» Input data
---+---

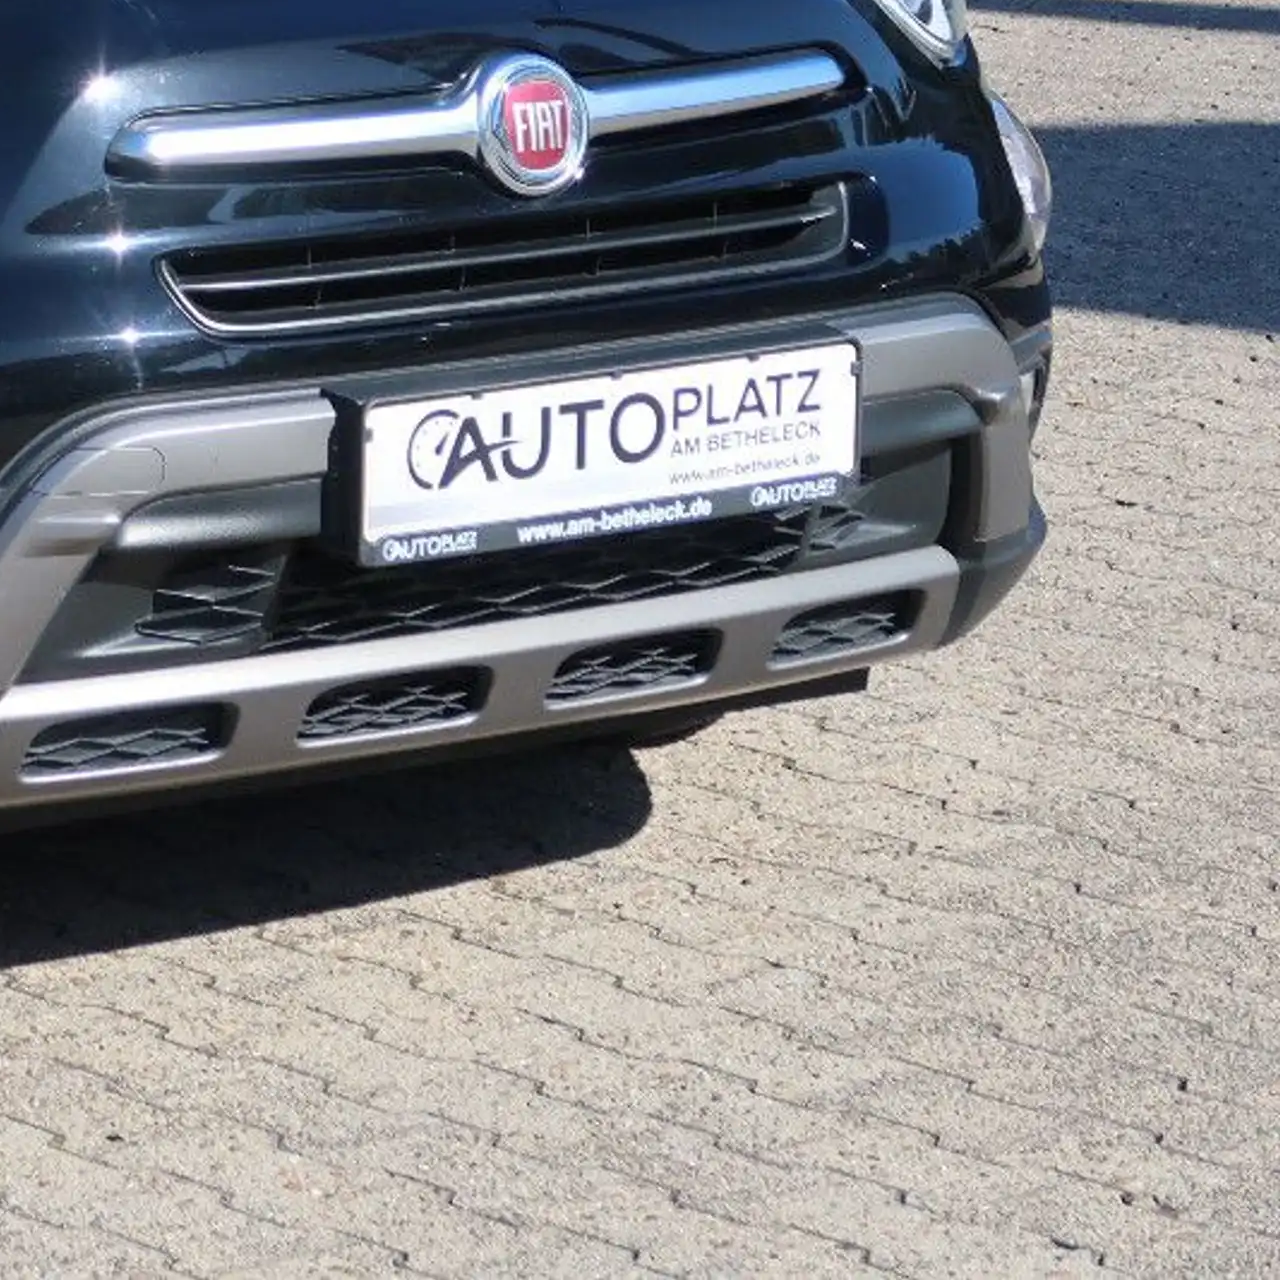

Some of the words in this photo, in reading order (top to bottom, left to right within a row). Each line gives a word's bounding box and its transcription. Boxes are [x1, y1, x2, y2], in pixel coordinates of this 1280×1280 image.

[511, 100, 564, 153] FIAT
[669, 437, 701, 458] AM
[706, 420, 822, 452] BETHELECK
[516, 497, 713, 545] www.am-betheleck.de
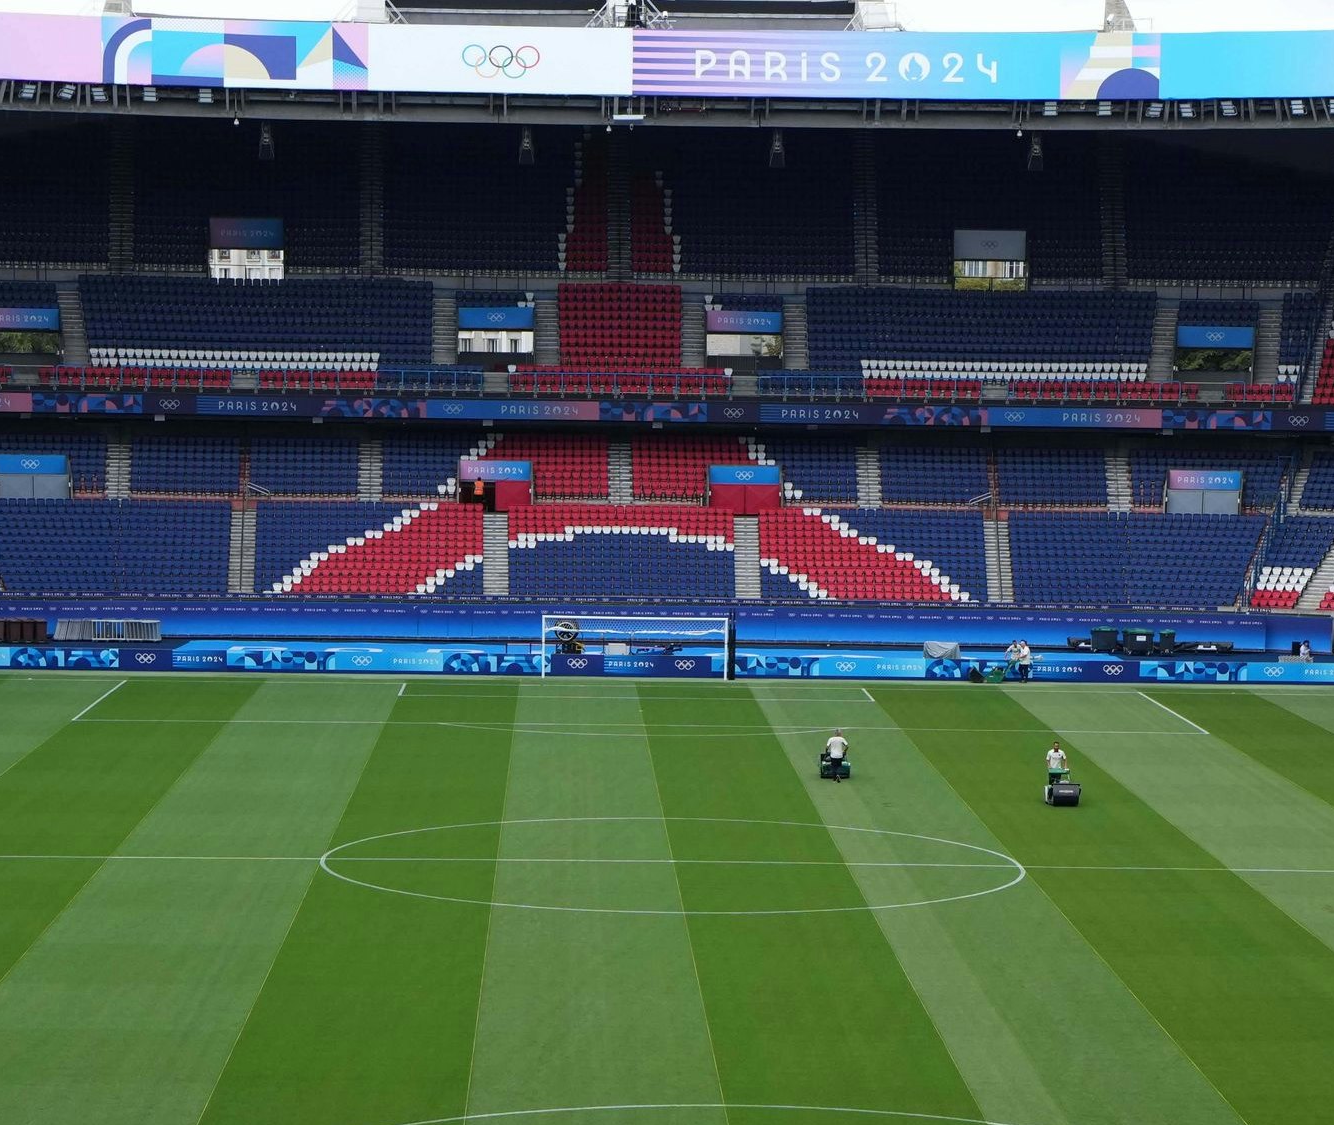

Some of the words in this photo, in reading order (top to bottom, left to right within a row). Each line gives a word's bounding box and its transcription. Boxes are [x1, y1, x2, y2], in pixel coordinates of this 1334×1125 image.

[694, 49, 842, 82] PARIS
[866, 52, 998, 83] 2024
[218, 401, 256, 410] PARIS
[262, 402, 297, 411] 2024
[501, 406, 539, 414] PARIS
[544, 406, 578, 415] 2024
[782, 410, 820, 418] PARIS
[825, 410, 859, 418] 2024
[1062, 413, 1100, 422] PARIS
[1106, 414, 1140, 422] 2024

---+---

» Description of the task
The expected answer is the full listing above, transcribed exactly and without pictures.

» Output of the task
Some of the words in this photo, in reading order (top to bottom, left to right within a row). Each line gives a word's bounding box and its transcription. Boxes are [x1, y1, x2, y2], in pixel coordinates of this 1280×1280 image.

[511, 100, 564, 153] FIAT
[669, 437, 701, 458] AM
[706, 420, 822, 452] BETHELECK
[516, 497, 713, 545] www.am-betheleck.de

Some of the words in this photo, in reading order (top to bottom, left to right within a row). Each line gives a word's bounding box and its transcription. Boxes are [x1, y1, x2, y2], in pixel coordinates of this 1334×1125 image.

[694, 49, 842, 82] PARIS
[866, 52, 998, 83] 2024
[218, 401, 256, 410] PARIS
[262, 402, 297, 411] 2024
[501, 406, 539, 414] PARIS
[544, 406, 578, 415] 2024
[782, 410, 820, 418] PARIS
[825, 410, 859, 418] 2024
[1062, 413, 1100, 422] PARIS
[1106, 414, 1140, 422] 2024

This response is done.